In the checklist, this means manually checking everything that has specific content. Search for primary sources, official reports, or authoritative publications. And in cases where sources cannot be found, the editor must do something simple but honest: either soften the wording or remove it from the text altogether.
AI can help formulate an opinion, but the responsibility for the facts always remains with the person. And it is at this stage of verification that it is decided whether the text will become a full-fledged journalistic material or remain a beautifully written but dangerous draft.
SEO verification: when AI is harmful
AI is often presented as the ideal assistant for SEO. It knows keywords, can build structure, and quickly creates texts based on queries. But materials from Libril and LinkedIn Content Checklist show the other side of the story. Without editorial review, AI can easily turn from an assistant into a source of SEO problems.
The most common mistake is oversaturation. AI strives to be useful and therefore generously scatters keywords throughout the text. As a result, the material looks optimized, but is difficult to read and quickly tires the reader. The second typical problem is headlines. They are formally correct, but do not carry real value for the reader. And the third mistake is ignoring search intent. The text seems to respond to the query, but does not solve the person’s real problem.
It is important to understand one principle that sources emphasize. Google does not evaluate the fact of using AI. It evaluates quality, usefulness, and relevance to user expectations. If the text does not answer the query or looks artificial, no amount of keywords will save it.
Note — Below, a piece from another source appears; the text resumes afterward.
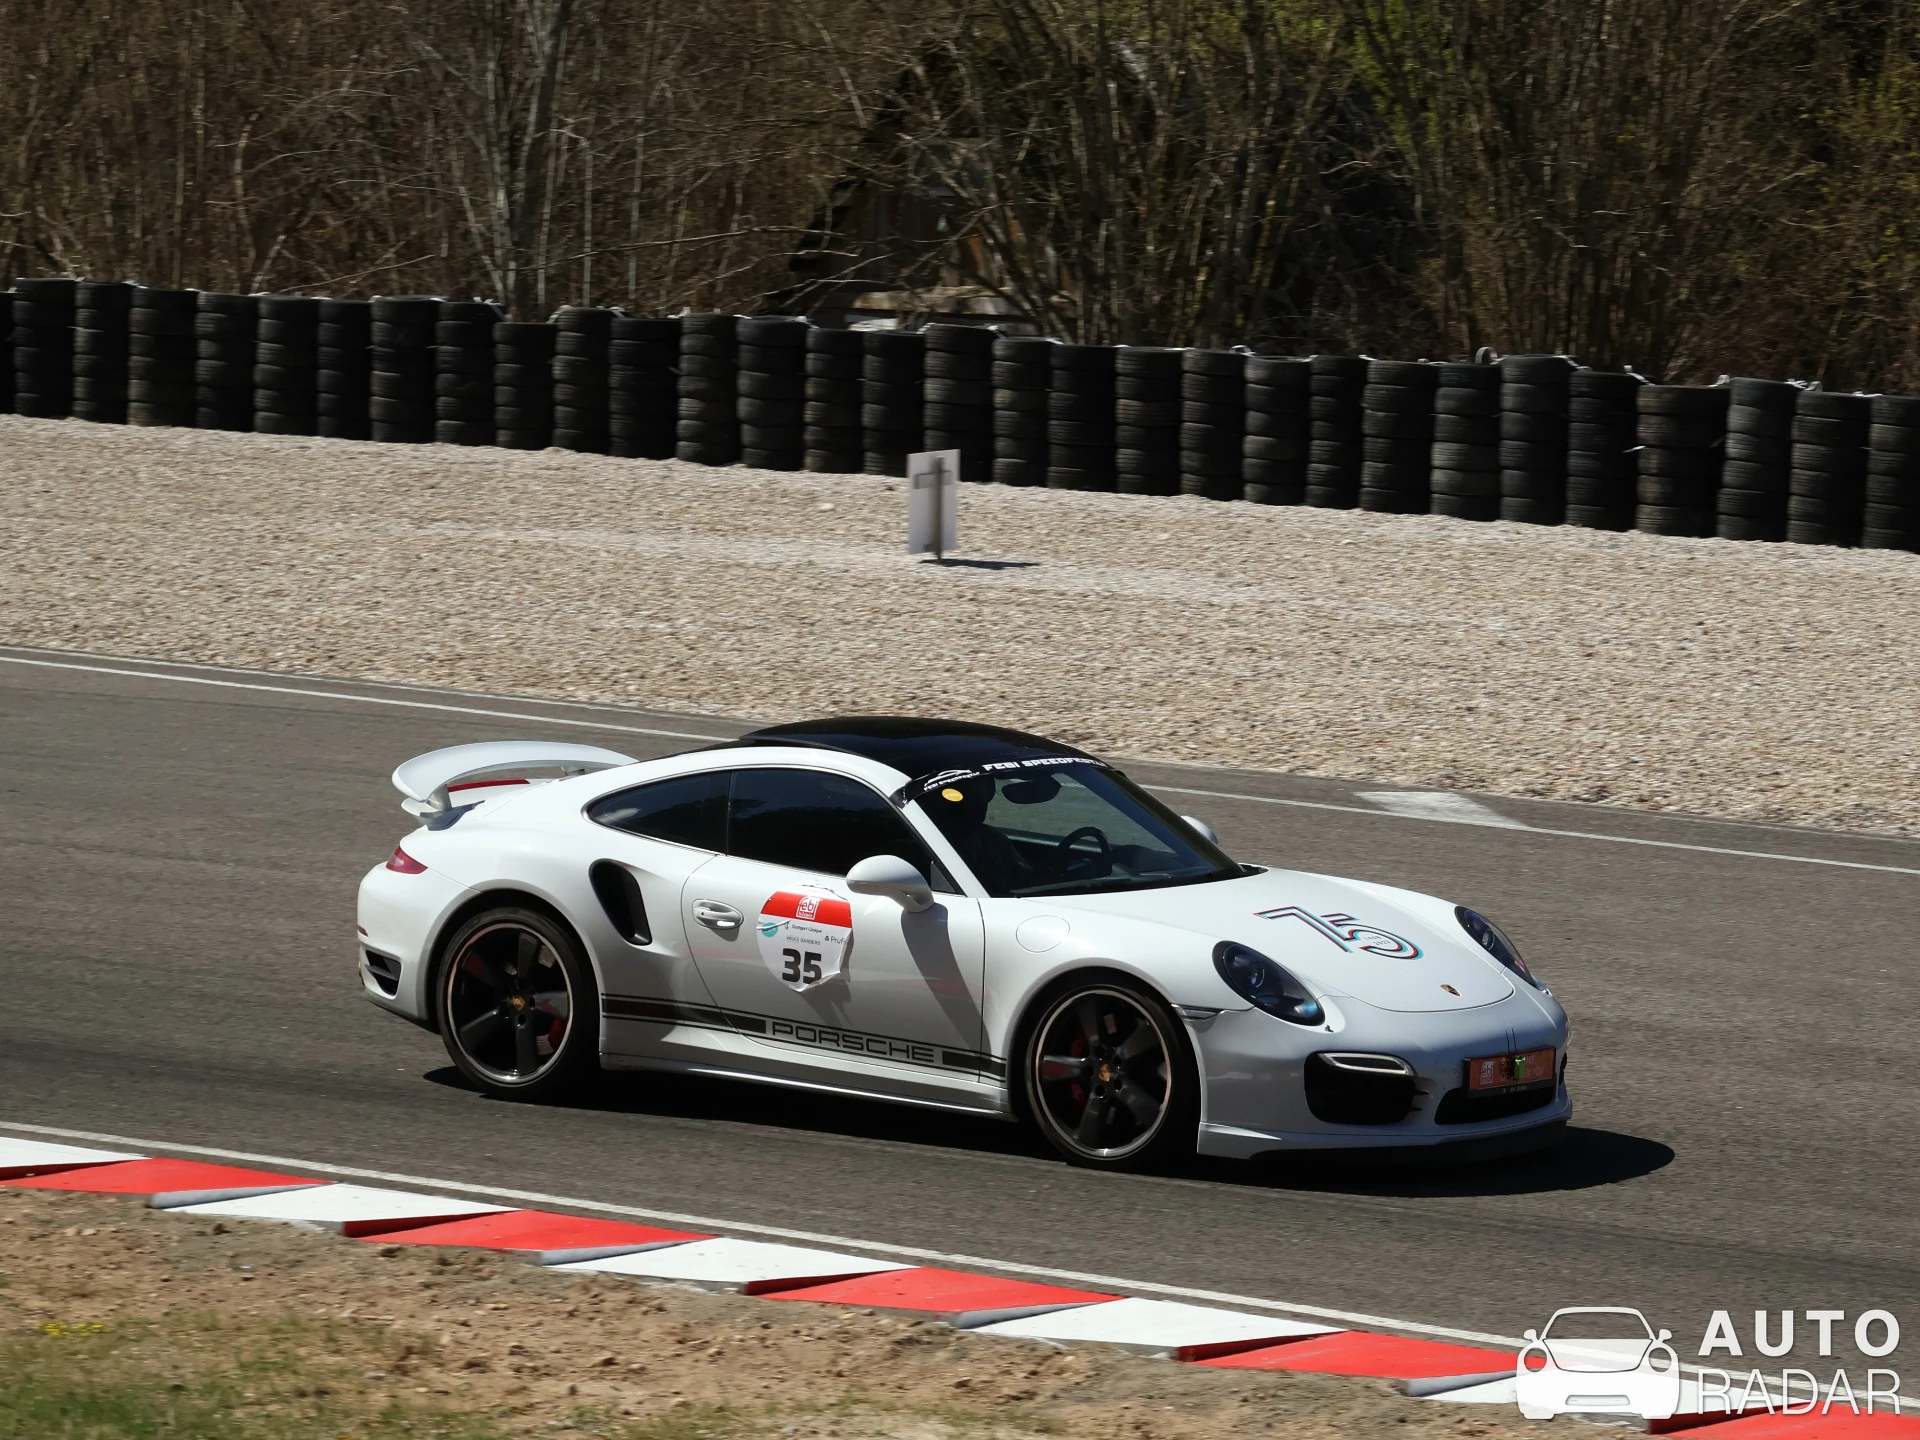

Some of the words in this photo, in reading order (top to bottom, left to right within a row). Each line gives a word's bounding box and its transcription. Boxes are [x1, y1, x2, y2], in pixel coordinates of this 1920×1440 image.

[982, 761, 1020, 772] FEBI
[782, 948, 822, 985] 35
[771, 1023, 935, 1063] PORSCHE
Therefore, SEO verification in AI review is not about technical details, but about meaning. In the checklist, it looks like this:
- check titles and subtitles for semantic value, not just for the presence of keywords;
- analyze whether the text really corresponds to what the user is looking for;
- cut down on SEO fluff, repetitions, and phrases that exist solely for optimization.
At this stage, the editor actually puts themselves in the reader’s shoes. Would this text answer my query? Would I want to read it to the end? If the answer is no, then AI has done its part, and there is still work for humans to do.
All the materials on which this article is based repeat the same idea. AI is not a problem in itself. The problem is the absence of a human being between generation and publication.

Neural networks have already become part of the workflow. They help to write faster, structure thoughts, and find the right wording. But they do not take responsibility for the accuracy, meaning, and consequences of the published text. This responsibility always remains with the human being. With the copywriter, editor, media, or brand.
That is why high-quality AI content is not just a matter of one click. It always involves three stages:
- generation as a starting point;
- checking as a risk filter;
- editing as the final responsibility.
The checklist in this process is not bureaucracy or unnecessary control. It is a tool that brings editorial logic back to the text. It helps to see weaknesses, ask the right questions, and not release material into the world as a raw draft.
Ultimately, it’s not about fighting AI. It’s about maintaining standards. It’s about ensuring that any text, regardless of who or what wrote it, remains high-quality, accurate, and something you won’t have to apologize for after publication.